My specs are as follows:
------------------
System Information
------------------
Time of this report: 8/26/2008, 14:13:00
Machine name: DARLYN-PC
Operating System: Windows Vista™ Ultimate (6.0, Build 6001) Service Pack 1 (6001.longhorn_rtm.080118-1840)
Language: English (Regional Setting: English)
System Manufacturer: HP-Pavilion
System Model: GG758AV-ABA s3100y
BIOS: Phoenix - AwardBIOS v6.00PG
Processor: Intel(R) Core(TM)2 CPU 6320 @ 1.86GHz (2 CPUs), ~1.9GHz
Memory: 2046MB RAM
Page File: 1064MB used, 3269MB available
Windows Dir: C:\Windows
DirectX Version: DirectX 10
DX Setup Parameters: Not found
DxDiag Version: 6.00.6001.18000 32bit Unicode

---------------
Display Devices
---------------
Card name: NVIDIA GeForce 7500 LE
Manufacturer: NVIDIA
Chip type: GeForce 7500 LE
DAC type: Integrated RAMDAC
Device Key: Enum\PCI\VEN_10DE&DEV_01DD&SUBSYS_034B1043&REV_A1
Display Memory: 1017 MB
Dedicated Memory: 249 MB
Shared Memory: 767 MB
Current Mode: 1440 x 900 (32 bit) (60Hz)
Monitor: Generic PnP Monitor
Driver Name: nvd3dum.dll,nvwgf2um.dll
Driver Version: 7.15.0011.6230 (English)
DDI Version: 10
Driver Attributes: Final Retail
Driver Date/Size: 8/28/2007 01:59:00, 4788224 bytes
WHQL Logo'd: Yes
WHQL Date Stamp: 
Device Identifier: {D7B71E3E-429D-11CF-A56B-402301C2CA35}
Vendor ID: 0x10DE
Device ID: 0x01DD
SubSys ID: 0x034B1043
Revision ID: 0x00A1
Revision ID: 0x00A1
Video Accel: ModeMPEG2_A ModeMPEG2_C ModeVC1_B ModeWMV9_B ModeVC1_A ModeWMV9_A

I should mention that the machine this topic concerns was purchased pre-built. It is housed in an HP "Slimline" case and has a weak 180w power supply. I will probably need to replace this PSU with a standard-sized unit that outputs at least 300w for a decent GPU. Hence upgrading the PSU will require the migration of all my original hardware. In addition to my Slimline PC, have an old, standard-size tower that has plenty of space for upgrades. The hardware is in near-perfect working order, but I rarely actually need it. This entails a ~60gb HDD, 250w PSU, CD and DVD drives, and a few hundred megabytes of RAM.
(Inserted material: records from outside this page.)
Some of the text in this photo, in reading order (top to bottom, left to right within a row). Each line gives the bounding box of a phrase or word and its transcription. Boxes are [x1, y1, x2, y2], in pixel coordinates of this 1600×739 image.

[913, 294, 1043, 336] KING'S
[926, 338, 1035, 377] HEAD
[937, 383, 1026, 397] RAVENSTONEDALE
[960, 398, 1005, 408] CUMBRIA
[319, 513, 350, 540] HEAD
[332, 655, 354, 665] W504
Are there currently any decent GPU that are compatible with my Slimline system? If not, would it be possible for me to move all my hardware to a new case, connect the old 250w PSU to my motherboard, and buy a decent GPU?

Thanks in advance!


----------



## wayliff (Mar 24, 2002)

If you want to get a decent GPU, neither of those power supplies will cut it.
That being said, you will probably need a new case for whatever decent power supply you get.
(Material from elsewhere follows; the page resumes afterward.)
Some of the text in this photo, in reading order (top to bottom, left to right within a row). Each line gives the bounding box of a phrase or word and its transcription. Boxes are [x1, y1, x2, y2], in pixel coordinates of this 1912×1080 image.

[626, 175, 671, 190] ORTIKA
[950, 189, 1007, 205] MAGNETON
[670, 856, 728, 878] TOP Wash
You should get a good quality power supply from Corsair, PC power & cooling or Seasonic -- at least 550W


----------



## Darlyn (Oct 6, 2006)

Thanks for posting. Which cards are supported by my motherboard?Are there any other restrictions that apply?


----------



## Wrench97 (May 10, 2008)

Your motherboard supports PCIE_x16 video cards but you slim case will most likely only take low profile video cards, if you upgrade past the 7500le you have you will also need to upgrade the power supply.
If you know the game specs are the same as Assasin's Creed go here and test your PC by selecting Assasin's Creed from the drop down list lets see what it says.
http://www.systemrequirementslab.com/referrer/srtest


----------



## Darlyn (Oct 6, 2006)

So all I need is a PCIE_x16 video card, a large enough case, and an adequate power supply.

I performed a search on newegg.com for the video card: http://www.newegg.com/Product/Produ...ion=PCIE x16&bop=And&Order=PRICE&Pagesize=100

Which one of these offers great performance for its price? Are the ones under $50.00 USD worth it, or shall I venture into the well-known nVidia brand of the $100+ ?

Also, is there a specific type of PSU I must buy, as is with the GPU? One size fits all?

Thanks again.


----------



## wayliff (Mar 24, 2002)

I checked the "Best video cards for the money: August 2008" article from Tom's hardware and here are some ideas:
Under $100 - 9500GT
For around $100 - Radeon 3850
For around $125 - 9600GT or Radeon 3870
For around $150 - 8800GT

I think all of these should be able to run it - higher the price the better performance you'll obtain.

As for the PSU - please check my recommendations before - regarding manufacturers.
Here are some choices from Newegg:
CORSAIR CMPSU-550VX 550W
SeaSonic S12 Energy Plus SS-550HT 550W
SeaSonic S12 Energy Plus SS-650HT 650W
CORSAIR CMPSU-650TX 650W
PC Power & Cooling S61EPS 610W

*I did not look for best prices.


----------



## Darlyn (Oct 6, 2006)

*GPU:*
OK, so I've decided this 512MB 9500GT (~$70). It has garnered exceptionally positive reviews, most of which report it's ability to run modern GPU-intensive games (Gears, COD4 etc.) on high or medium settings.



*PSU:*
How can I determine which connectors the PSU will need? I am currently banking for the apparently high quality SeaSonic 550W (~$90). It brings the following connectors:
1 x Main connector (20+4Pin)
1 x 12V(P4)
1 x 12V(8Pin)
9 x peripheral
6 x SATA
2 x Floppy
2 x PCI-E

Is this enough/compatible with my motherboard, drives, etc. ?


----------



## Wrench97 (May 10, 2008)

Yea the seasonic will work with your set up.


----------